Up top, Mr Dickson’s wink at two late-comers, wandering back over the plateau, gives way to a frown when he recognises Totty McGuire, whose dress now has a new set of stains.

‘It’s not the thing, young Tom. Mr McGuire’s daughter.’

Tom looks back stoutly but it’s Totty who answers. ‘Tom wants a job, Mr Dickson. You must need carpenters up here.’

‘You’re right, we do.’

‘We could build accommodations up here. And our own. Maybe a boarding house if you’d help us. And we could run it.’

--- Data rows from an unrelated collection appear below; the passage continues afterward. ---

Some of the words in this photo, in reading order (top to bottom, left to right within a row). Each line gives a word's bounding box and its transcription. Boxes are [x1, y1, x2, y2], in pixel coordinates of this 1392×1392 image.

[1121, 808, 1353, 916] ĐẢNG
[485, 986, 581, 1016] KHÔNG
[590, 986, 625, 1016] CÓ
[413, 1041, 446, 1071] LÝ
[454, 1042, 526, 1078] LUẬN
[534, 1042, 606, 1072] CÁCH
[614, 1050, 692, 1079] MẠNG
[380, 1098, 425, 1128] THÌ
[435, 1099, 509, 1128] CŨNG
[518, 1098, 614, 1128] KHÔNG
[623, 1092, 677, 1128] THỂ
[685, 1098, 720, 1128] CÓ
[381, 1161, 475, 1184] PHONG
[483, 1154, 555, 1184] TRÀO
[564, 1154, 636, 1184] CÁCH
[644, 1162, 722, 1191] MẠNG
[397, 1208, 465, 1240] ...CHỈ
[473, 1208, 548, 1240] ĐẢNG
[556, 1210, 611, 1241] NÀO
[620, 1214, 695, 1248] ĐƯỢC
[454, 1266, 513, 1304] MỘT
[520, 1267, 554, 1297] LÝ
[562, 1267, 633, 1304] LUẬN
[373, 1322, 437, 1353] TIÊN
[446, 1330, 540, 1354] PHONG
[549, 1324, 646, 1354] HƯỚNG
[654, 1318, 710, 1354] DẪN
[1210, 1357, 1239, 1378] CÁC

Mr Denniston, mine manager, a progressive man and well liked by the men, speaks up.

‘We could do with some solid accommodation, sir. Tents are no comfort to a man in winter up here. Boarding houses, now,’ he laughed and gave Tom a cuff, ‘we may not be quite as fancy as that yet.’

Mr Dickson frowns. ‘Don’t be too sure, Robert. Coal up here is as good as any I’ve seen in the world. And I know my coal.’ He looks out over barren rocks and scrub, but what he sees are the bags of coal, stacked high and waiting for transport, an underground city of roads and crossroads driven through hard coal, an army of miners and miles of rails. He sees money pouring in and an easing of the heavy debt his Company owes. Mr Dickson is an optimist on this fine day. ‘I’ll wager you a pound to a penny,’ he says, ‘that we’ll have boarding houses, shops, streets — schools even, within the year. Two at most,’ he adds, because he is also a mean man who hates to lose a bet.

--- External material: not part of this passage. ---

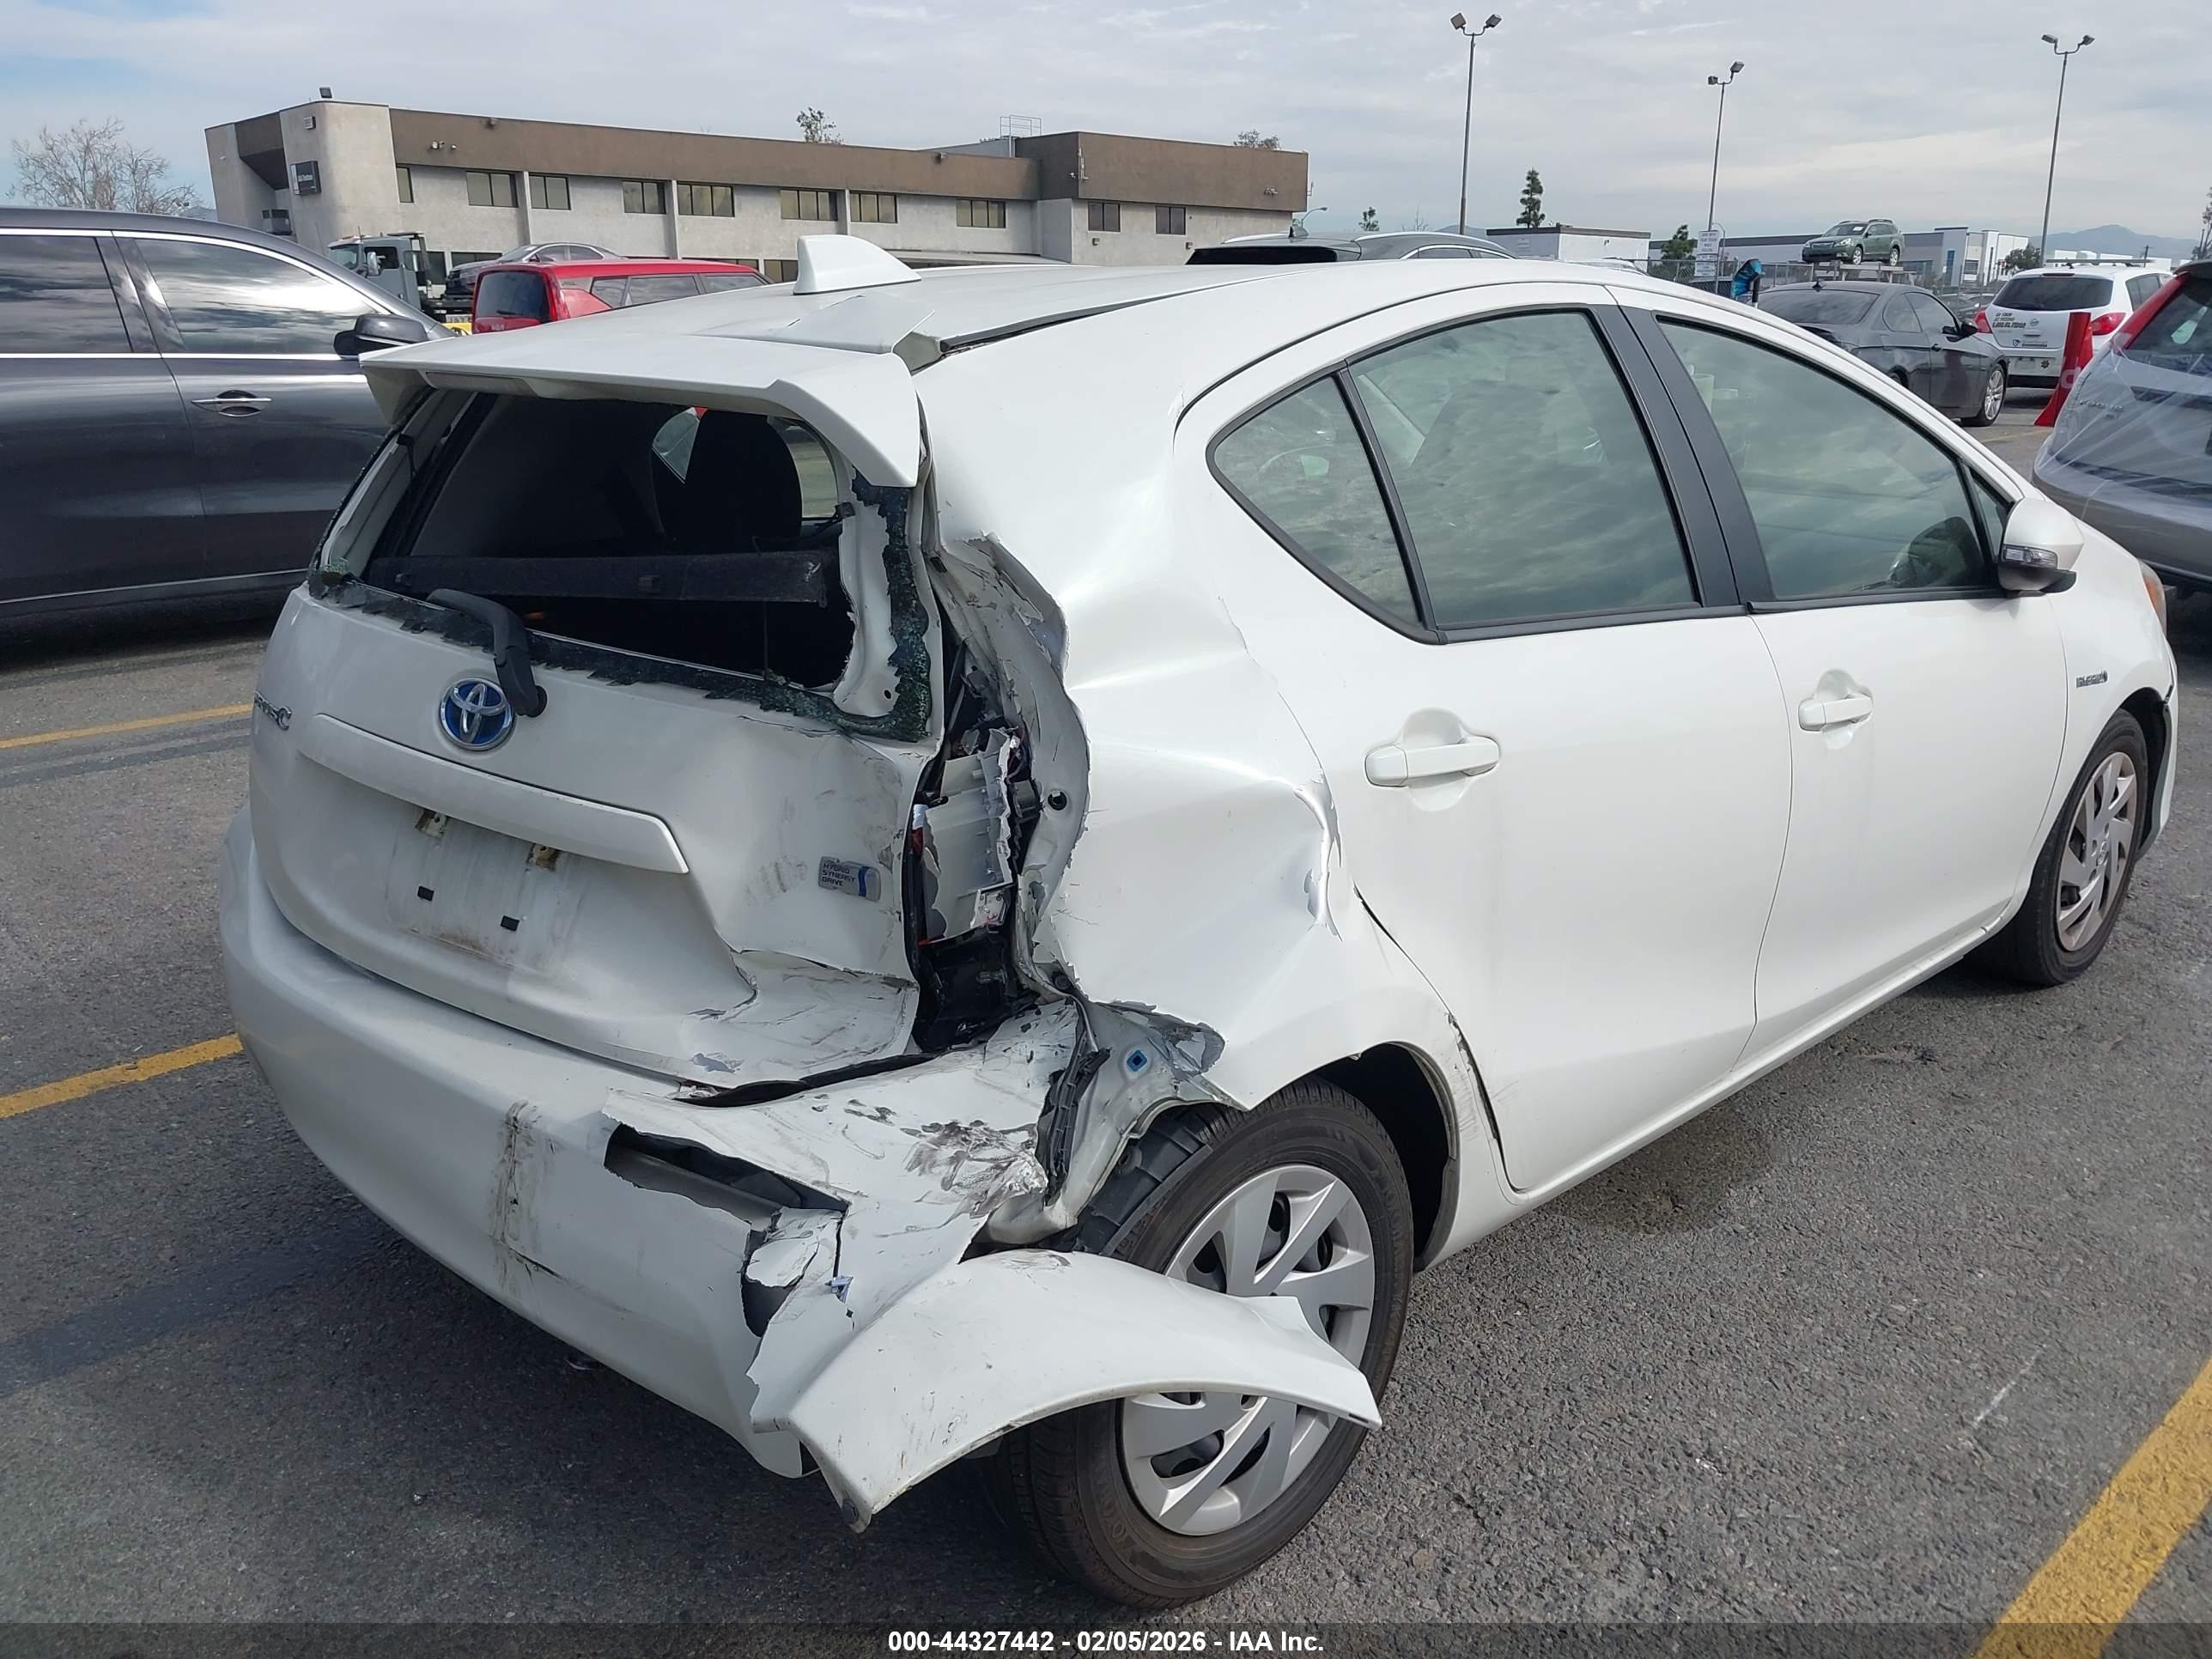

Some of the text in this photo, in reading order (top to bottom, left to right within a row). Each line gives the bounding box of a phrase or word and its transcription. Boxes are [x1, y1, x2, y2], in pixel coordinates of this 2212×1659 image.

He turns back to Tom. ‘I’d be happy to give you a job, young Tom. I know your dad’s work and he’s sound. I’ll help with the building of the boarding house, too — on a proper financial basis,
mind. But this is no place for a woman, Tom, let alone a well-bred one.’

Totty is getting up speed to reply when Con the Brake, never one to hold back in a good debate, joins in with his thick foreign tongue.

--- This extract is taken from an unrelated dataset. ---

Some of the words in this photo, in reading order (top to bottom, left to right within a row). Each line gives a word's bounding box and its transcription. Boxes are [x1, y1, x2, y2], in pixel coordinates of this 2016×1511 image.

‘We are bred all sorts up here, sir; she might not be so out-class as you think. Also,’ he adds with some pride, ‘I am thinking to bring a woman to the Hill. They will come, sir; we must have them.’

Robert Denniston, mine manager, nods. ‘We must have them. And will.’

Mr Dickson still shakes his head at the thought of the stir back in Westport, of Mrs McGuire’s desolation. But Tom grins widely and offers his hand to the big man who has argued his case. ‘Tom Hanratty, carpenter,’ he says.

The giant removes one paw from the brake-wheel and shakes briefly. ‘Conrad, me,’ he answers. ‘Known up here Con the Brake. Welcome then.’

Three years later, when Rose and Evangeline Strauss arrived, Hanrattys’, on the muddy lane known as Dickson Street, was a fine guest house: six rooms and a basement under, and respectable, all four sides wooden, not like the icy iron sheds most people built. The other landmark home was Con the Brake’s great log house, which Rose missed on her first night, for though it was down at the Camp, Con had chosen the highest, driest spot, away from the rattle of the mine and the damp of the cliff. This fine edifice he had built for his beloved Mrs C, from fine West Coast beech logs felled by himself in the gorge and hauled up on the Spinner, a dangerous contraption of ropes and chutes that brought all the timber up from the river below. An outlandish, foreign castle of a place it was, Con’s log house, standing among the temporary tents and shacks of the Camp like a whale in a school of dolphins. It was even grander than
the home of the new mine manager, Eddie Carmichael, who’d replaced Mr Denniston the previous year.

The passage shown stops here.